Nasty Norville and his workers have mixed up all of Pat’s posters, so he has to put them back together again by sliding the paper along. Watch out for all of the things that Norville throws at you, or you’ll be knocked off your ladder! There are twelve difficulty levels to keep you going, from starters to impossible, and there are several posters that you can use – all of them advertising other Firebird games (although some of them weren’t released for the CPC). If you’re stuck, try going to the toilets... It’s an average sort of game, really, and although the music is good, the graphics and the colour clash show that it’s a blatant Spectrum port.
It was just another normal day for you, coming back from the supermarket, when you suddenly end up in the fantasy land of Kerovnia, with a wristband on your forearm which you cannot remove. Then you encounter a magician called Kronos, who asks you to deliver a note to King Erik. Maybe you could ask him about this wristband that you’re wearing?

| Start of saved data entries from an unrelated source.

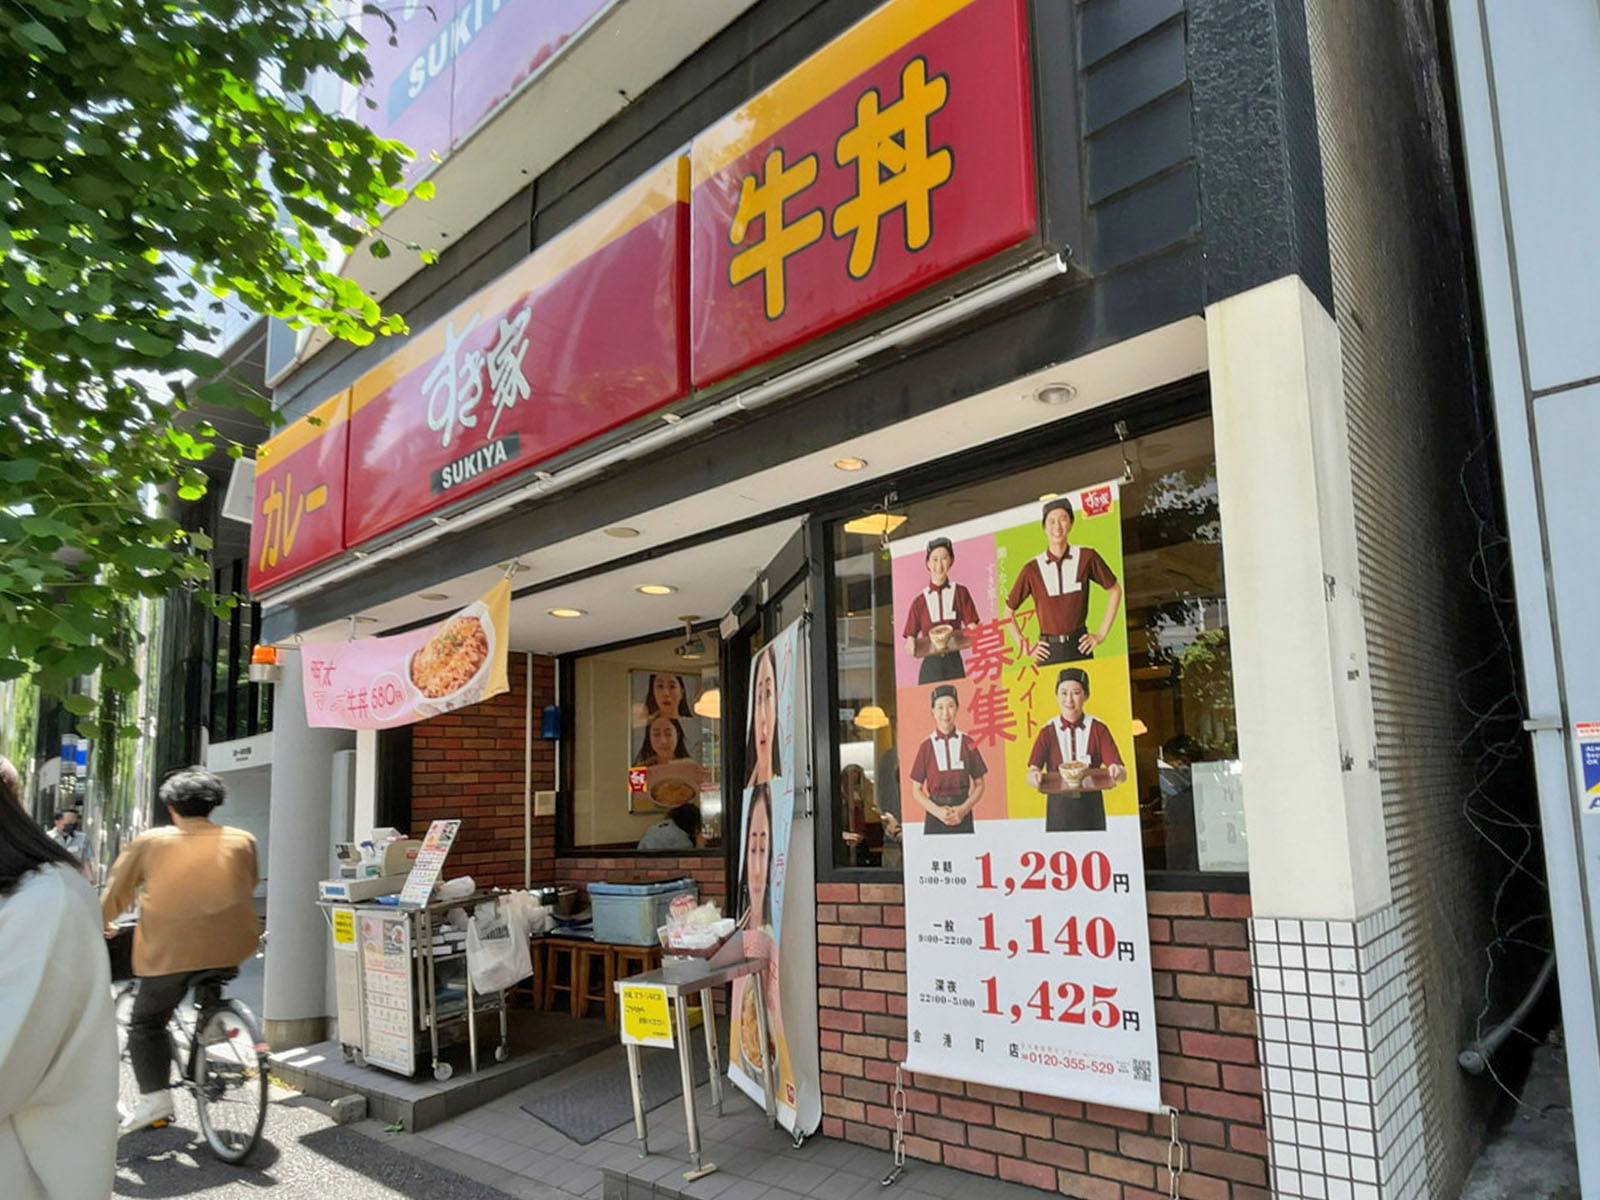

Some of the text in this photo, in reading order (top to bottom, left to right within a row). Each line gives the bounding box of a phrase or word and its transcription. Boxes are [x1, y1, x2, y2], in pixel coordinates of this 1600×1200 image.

[728, 53, 955, 321] 牛丼
[421, 306, 532, 447] すき家
[259, 472, 328, 573] カレー
[441, 441, 508, 490] SUKIYA
[963, 617, 1018, 751] 募集
[1029, 1052, 1115, 1075] 0120-355-529
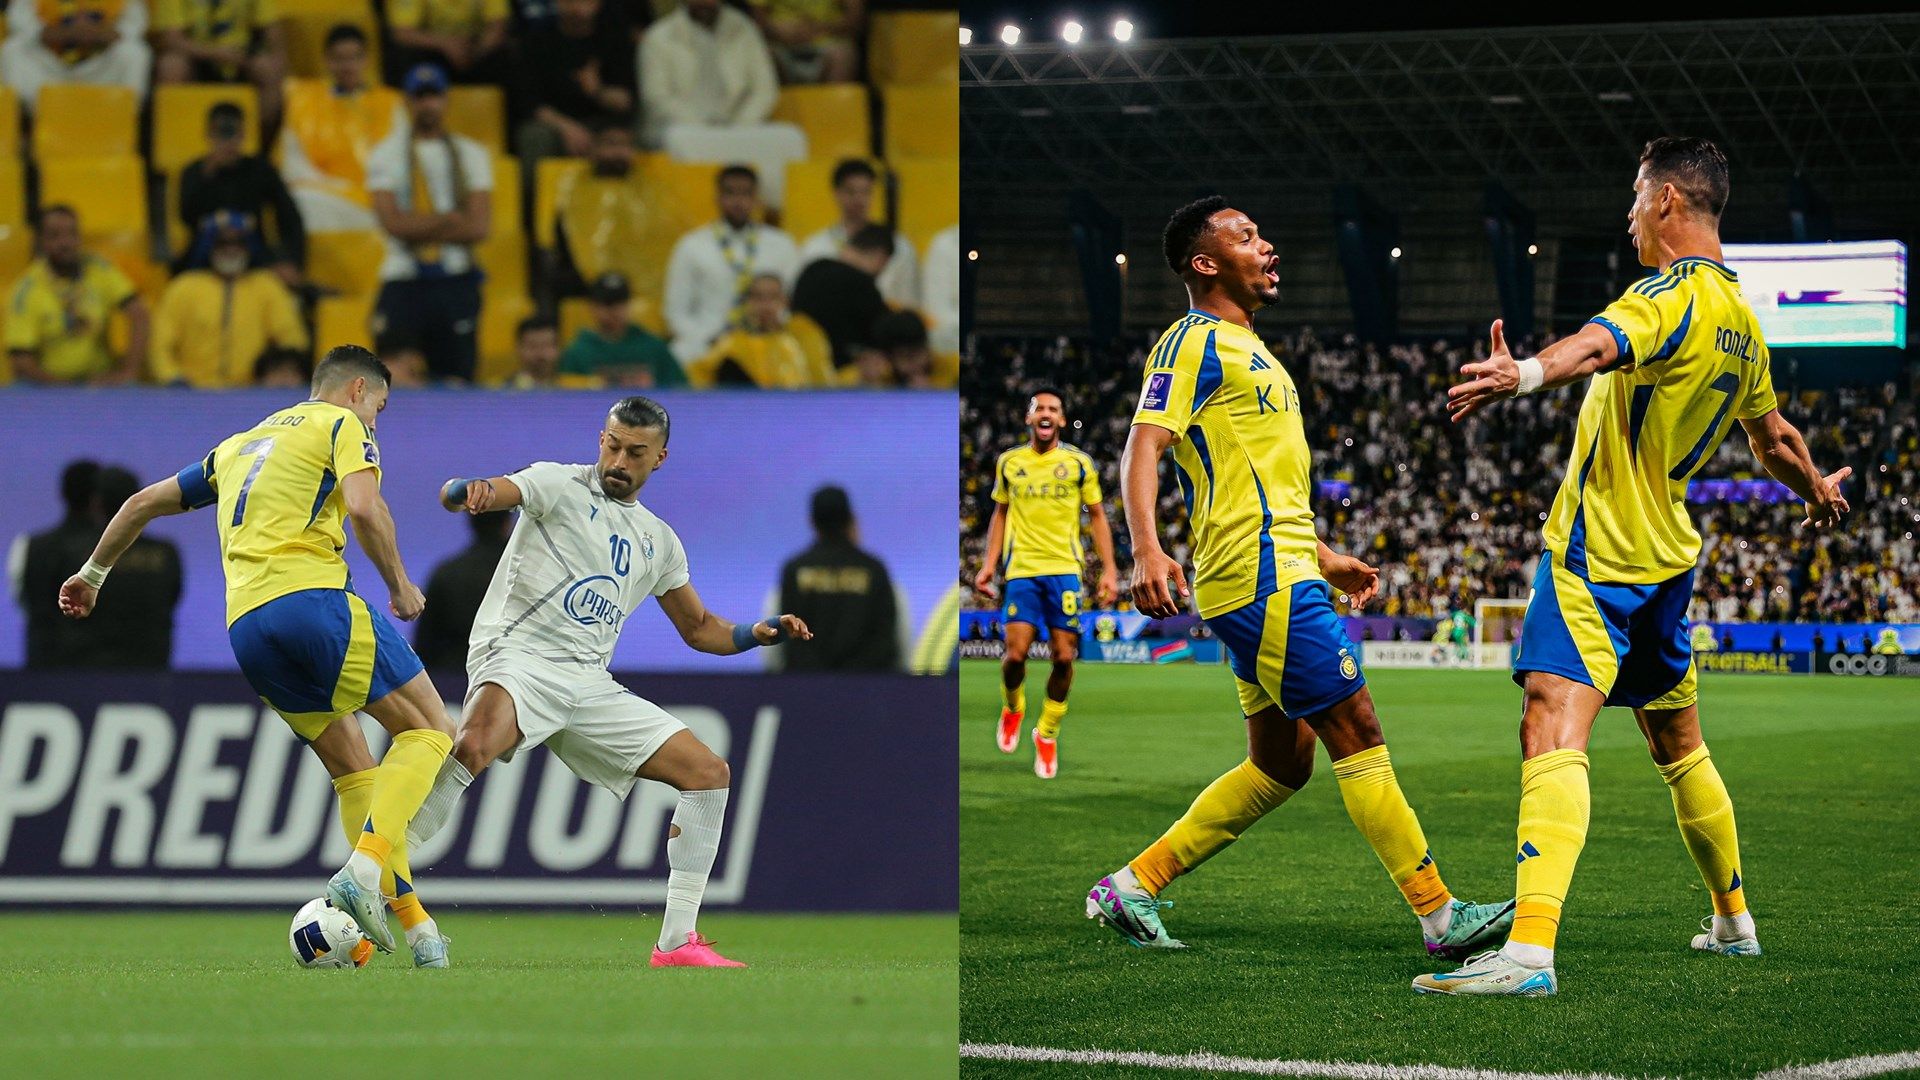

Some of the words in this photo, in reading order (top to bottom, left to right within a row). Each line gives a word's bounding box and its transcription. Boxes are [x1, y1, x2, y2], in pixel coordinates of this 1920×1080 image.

Despite the interesting book that comes with the game, which describes the recent history of Kerovnia, the game itself doesn’t bear much relation to the events in the book, and the puzzles to be solved seem rather incoherent and unconnected with each other. However, this is reckoned to be one of the best text adventures ever, combining a traditional fantasy adventure with a sense of humour, and the pictures are stunning.
(Artic Computing, 1985)
You play a female cat whose ten kittens are missing. Your aim is to search the city, the alleyways and the forests to find them and return them to your home in the city centre, before Bulldog Billy and his pack come to your home for their nightly fight. Unfortunately, you can only pick up one kitten at a time. However, you can kill the dogs by firing fluff balls at them (!), and if you kill enough of them, you can prevent them from forming a pack. There is also lots of food and other objects, allowing you to maintain your stamina and strength. The graphics are OK, but what is so off-putting about the game is that it is really slow and therefore rather boring, especially with all the walking that you have to do. What’s more, there are no sound effects at all!
Despite the name, there is no link at all to the bombing of Pearl Harbour in this game. Instead, it’s a computerised version of the battleships pen-and-paper game. The computer places a random number of ships on a 15×15 grid, and on each turn, you select which square you want to fire at. If you hit an enemy ship, an animation is displayed, and the aim is to sink all the ships in the fewest number of hits. To aid you, there is a radar which gives you a hint as to where the ships are located, but use it sparingly, as you are penalised each time you use it. The animations are very crudely drawn, and sound effects are limited to a few explosions. The biggest drawback is that there is no option to play a traditional game of battleships against the computer, and a one-player version of battleships isn’t much fun.